My fingers had pruned. My skin had numbed. But the ache in my chest? That was still there—alive and relentless.

Ben’s voice echoed through my mind. “You slammed the door and never gave me a chance to figure out what the hell happened.”

I didn’t want those words to stick. But they did.

He hadn’t said it with blame. He said it like a man still standing in the doorway I’d locked him out of, waiting to be let back in.

And that part of me—the one that wanted to open it again? It was louder than it had been in years.

Not because I needed rescuing. But because I was exhausted. Tired of pretending that I hadn’t already built my entire identity around surviving.

I’d spent so long holding things together, I didn’t even know what it would feel like to let someone hold me.

My early teenage life was a textbook mess no one ever got to read.

My mother didn’t leave quietly. She detonated mine and my father’s lives and walked away without flinching. She’d cheated, burned him to the ground, and didn’t look back.
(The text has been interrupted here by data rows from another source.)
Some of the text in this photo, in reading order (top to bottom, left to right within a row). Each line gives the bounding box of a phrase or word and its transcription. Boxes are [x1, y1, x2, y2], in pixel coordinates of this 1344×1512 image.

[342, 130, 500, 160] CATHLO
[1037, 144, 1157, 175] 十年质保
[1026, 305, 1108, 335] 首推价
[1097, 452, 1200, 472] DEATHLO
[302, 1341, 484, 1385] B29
He started drinking the day she left and never really stopped. Night after night, I watched the man who used to carry me on his shoulders drown in bourbon and shame. He was a powerhouse in the boardroom by day, and a ghost of himself by night.

And me?

I didn’t get to unravel. I didn’t get to fall apart.

I became the shield. The face. The fixer.
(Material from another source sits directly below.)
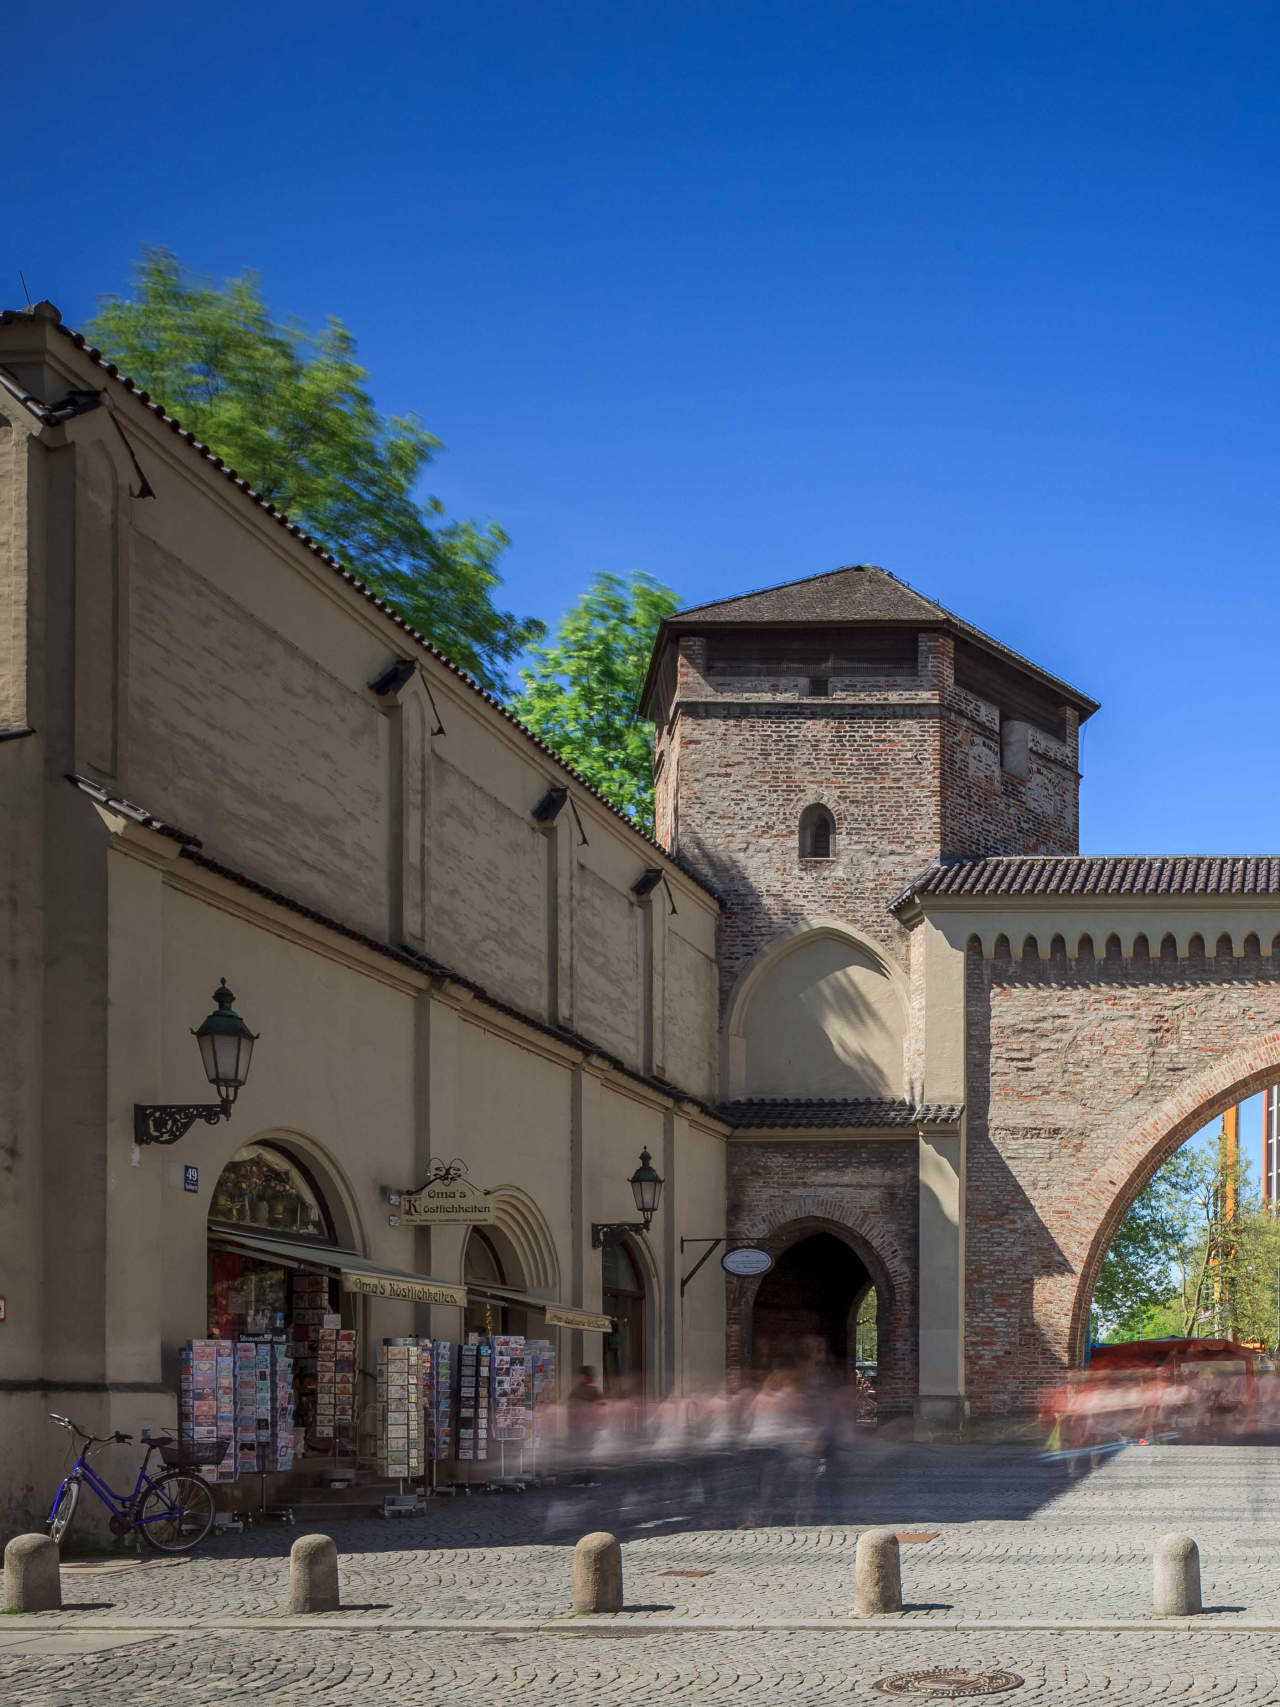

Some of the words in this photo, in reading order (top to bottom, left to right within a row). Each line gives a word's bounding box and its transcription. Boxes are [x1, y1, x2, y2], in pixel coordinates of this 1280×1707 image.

[186, 1168, 198, 1180] 49
[428, 1189, 466, 1199] Oma's
[355, 1278, 386, 1295] Oma's
[389, 1283, 457, 1304] Köstlichkeiten
I stepped in and made sure no one ever knew how broken we were behind closed doors. Every contract saved, every whisper silenced, every PR headline spun with a smile—that was me.

Millicent Pierman, the woman who could handle anything.

But no one ever asked who handled me.

That was the legacy I built. Not just for my father's company, but for myself. And now, I was beginning to question if that legacy had cost me more than I ever admitted.

Because that vault where I stored all the pain—my mother’s betrayal, my father’s downfall, the man I once loved who died before I could say goodbye—it wasn’t sealed as tightly as it used to be. It was bleeding at the edges.

Savannah—my mirror, my anchor, the one person who never asked me to be anything but exactly who I was—was fighting for her life.

And I was supposed to be strong.

But I didn’t feel strong.

I felt like a fraud.

A hollow, lonely fraud wearing heels and war paint and hoping no one noticed the cracks underneath.

God, I wanted to tell her everything. Every part of me I’d buried so deep I forgot it was still alive. She deserved that. We both did.

We said we’d always be honest. Always share the hard parts.

But I’d spent years hiding mine, and now I didn’t even know where to begin.

Still... if I told anyone, it would be her.

And maybe—just maybe—after that, I could find the courage to tell Ben.

Because something was blooming in me. Something fragile. Something terrifying.